Qui a Venezia all’incontro con Jane Fonda e Robert Redford
qualcuno ha ricordato a Redford che vent’anni fa lui aveva definito il
sogno americano una grande bugia. Cosa significa oggi questa espressione
per lei?
«Penso che tanti nel mondo, a partire dalla Seconda
guerra mondiale, abbiano spesso visto l’America come un posto di
speranza. Io sono un ottimista. Il mio Suburbicon è un film dark, ma
nell’ultima scena i due bambini giocano insieme con una palla da
baseball. Fa pensare che questi due ragazzini ce la faranno. Non credo
nell’eccezionalità dell’America, però mi piace l’idea che ci
riprenderemo di nuovo. Abbiamo forza e volontà, e ho la speranza che
torneremo a vivere quel sogno, ma per farlo dobbiamo prima andare fino
in fondo nella comprensione dei nostri problemi: dobbiamo affrontare il
razzismo, il bigottismo, il futuro. Non si elimina il carbone senza che
qualcuno decida che fra dieci anni non ci saranno più auto con il motore
a combustione! Dobbiamo circondarci di persone che guardino avanti, non
indietro. Siamo in una curva difficile, ma penso che ce la faremo».

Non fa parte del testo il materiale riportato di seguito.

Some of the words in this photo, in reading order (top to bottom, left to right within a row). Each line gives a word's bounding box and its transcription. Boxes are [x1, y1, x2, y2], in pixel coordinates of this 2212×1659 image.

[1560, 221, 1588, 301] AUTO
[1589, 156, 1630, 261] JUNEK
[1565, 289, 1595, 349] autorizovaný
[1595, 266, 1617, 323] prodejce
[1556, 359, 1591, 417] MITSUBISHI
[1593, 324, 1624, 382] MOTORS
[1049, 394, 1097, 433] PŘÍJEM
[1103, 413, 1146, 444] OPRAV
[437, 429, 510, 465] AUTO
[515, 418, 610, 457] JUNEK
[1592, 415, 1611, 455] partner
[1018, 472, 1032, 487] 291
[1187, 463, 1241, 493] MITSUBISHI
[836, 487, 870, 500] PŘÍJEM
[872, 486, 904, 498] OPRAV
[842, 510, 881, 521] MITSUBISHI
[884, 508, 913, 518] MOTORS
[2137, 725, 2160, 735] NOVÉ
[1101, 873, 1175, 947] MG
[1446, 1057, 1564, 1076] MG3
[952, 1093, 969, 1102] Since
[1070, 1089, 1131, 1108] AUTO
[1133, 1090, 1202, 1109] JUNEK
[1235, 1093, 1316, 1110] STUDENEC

Questo significa che si presenterà come presidente?
(Sorride):
«Sono preoccupato dalla mancanza di personalità che ci colpiscano fino
al cuore nel fronte democratico. È responsabilità dei democratici
trovare quel giusto candidato e io farò tutto quello che posso per far
eleggere quella persona quando salterà fuori. Un paio di giorni fa ho
incontrato Obama, e proprio di questo si parlava al telefono con Joe
Biden. Tutti noi siamo alla disperata ricerca di una figura dotata di
testa e cuore che ci porti fuori dal guado. Ma non sono io la persona
giusta per questo lavoro ».
Perché?
«Perché non mi sembra affatto divertente. E, scusi, ma non ho alcuna intenzione di rovinarmi la vita!». Ride.